Ethnography

In Patrick A. Mello and Falk Ostermann (eds), The Routledge Handbook of Foreign Policy Analysis Methods. Routledge, 2023, pp. 39-50. 

Ethnography is a nice – in my view, the best available – method when it comes to capturing the social form of the organizations active in the foreign policy process. We have some fine work on this which typically pertain to international organizations and foreign ministries. We lack relevant ethnographic studies of state organizations such as parliamentarian foreign affairs committees and diplomatic postings, as well as of party secretariats, NGOs and networks (but see Constantinou 2006, 2021; Bleiker and Butler 2016). It is also a highly apt way of studying what different kinds of foreign policy does to the respective life chances of different groups of people who have to live with their effect.

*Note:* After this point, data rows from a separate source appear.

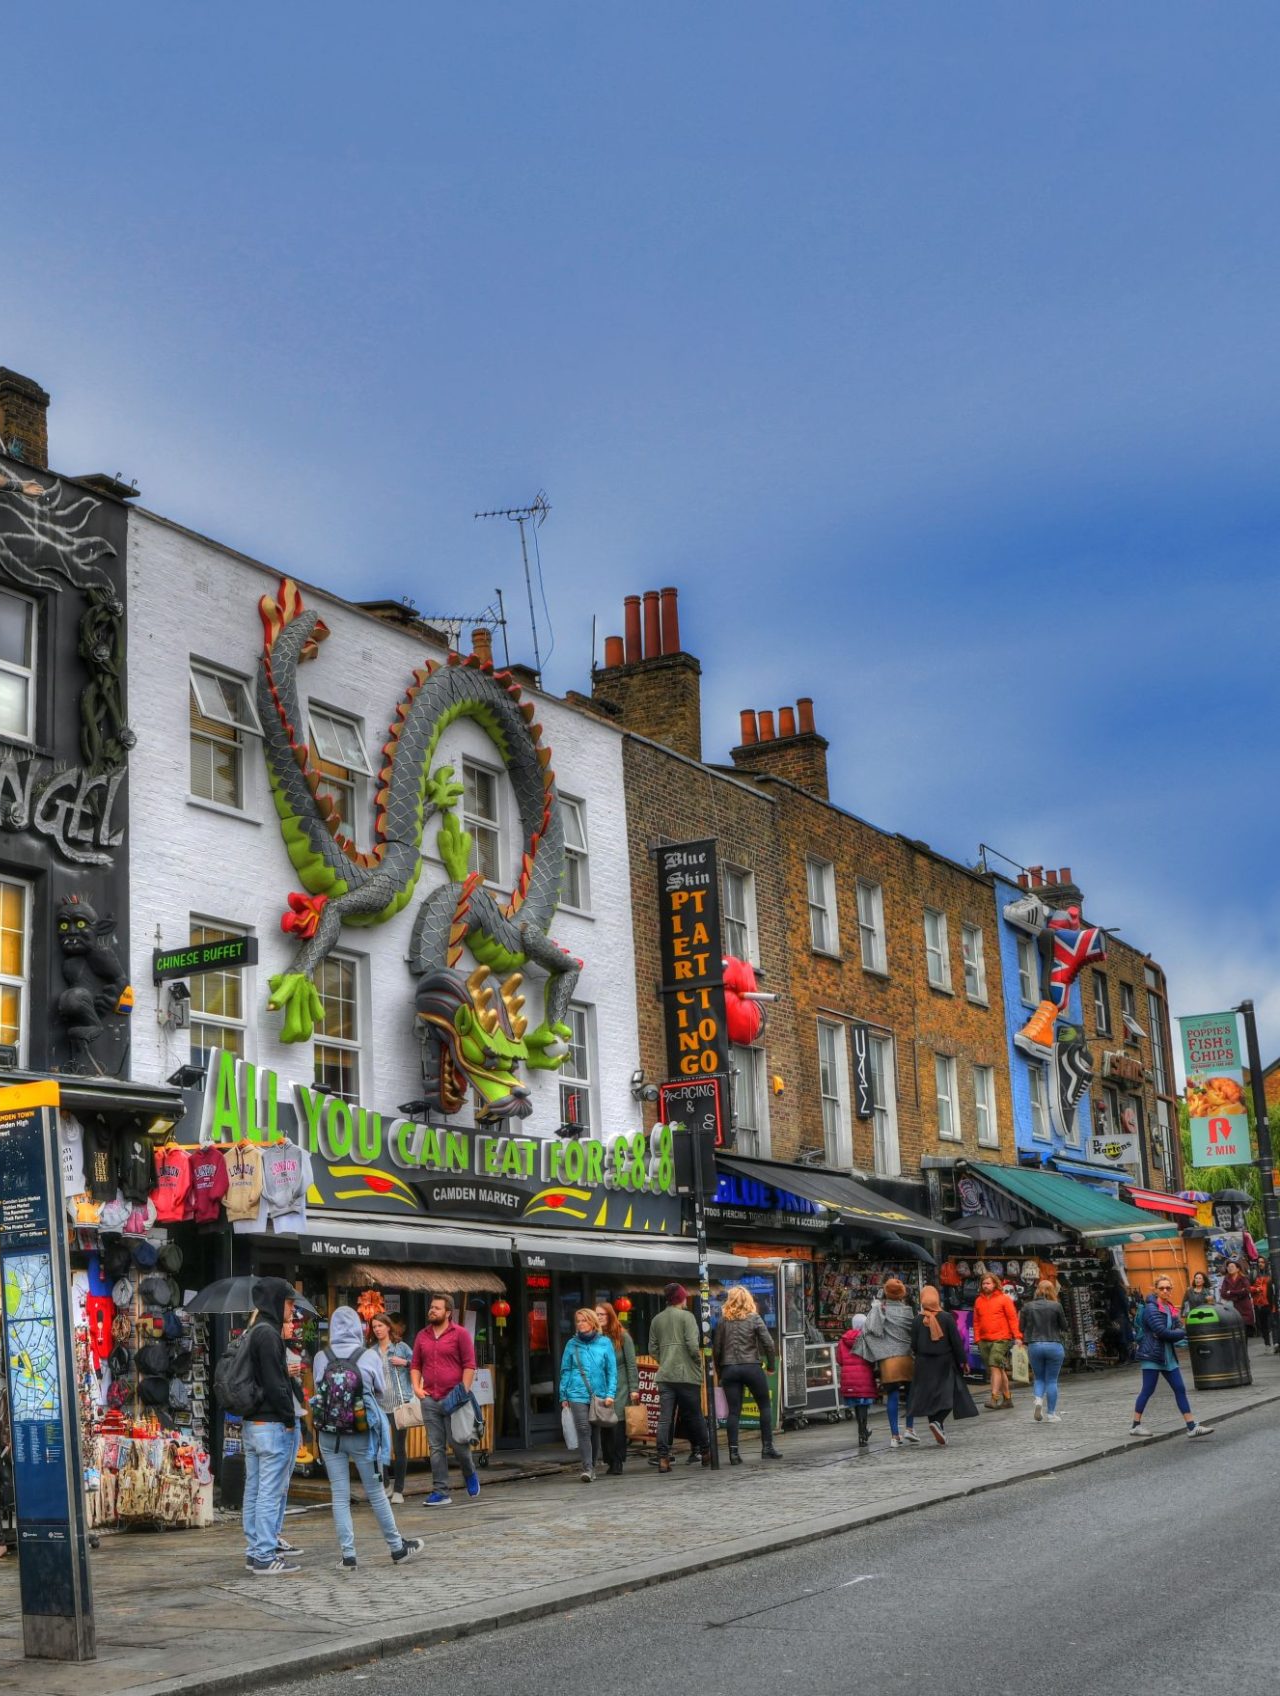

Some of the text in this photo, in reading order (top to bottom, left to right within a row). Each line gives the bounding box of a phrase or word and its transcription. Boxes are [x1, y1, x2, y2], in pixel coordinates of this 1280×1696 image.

[664, 851, 707, 870] Blue
[666, 871, 710, 892] Skin
[156, 943, 243, 971] CHINESE BUFFET
[690, 890, 719, 1074] TATTOO
[1187, 1024, 1232, 1038] POPPIE'S
[1188, 1036, 1223, 1051] FISH
[1190, 1048, 1234, 1063] CHIPS
[686, 1100, 695, 1113] &
[18, 1111, 35, 1119] TOWN
[204, 1047, 676, 1194] ALL YOU CAN EAT FOR £8.8
[16, 1119, 29, 1128] High
[1093, 1141, 1132, 1155] Martens
[1206, 1145, 1236, 1157] 2 MIN
[229, 1164, 255, 1178] LONDON
[272, 1160, 297, 1177] LONDON
[433, 1186, 520, 1208] CAMDEN MARKET
[716, 1173, 771, 1209] BLUE
[723, 1209, 747, 1220] PIERCING
[311, 1241, 370, 1256] All You Can Eat
[527, 1256, 546, 1267] Buffet

While we have some ethnobiographical studies of how effects of foreign policies such as genocide and war affect scholars themselves, the many extant studies that look at the effects of foreign policies do so without linking those effects to the actual foreign policies in question. Here we have a research question that is ripe for the picking, either in the form that foreign policy scholars re-read such studies and link them back to their own areas of expertise, or in the form that new work is undertaken. Let me end by wishing students and colleagues who intend to study these and other issues by drawing on ethnographic methods well, and offer these final pieces of advice in the spirit of Micawber and Douglas Adams (1979): Do not despair when it comes to field access. There are more ways than one to skin a cat. Do not despair when it comes to interpreting your notes. Something will jump out on you. And do not despair of getting your material published. Sooner or later, your ship will come in.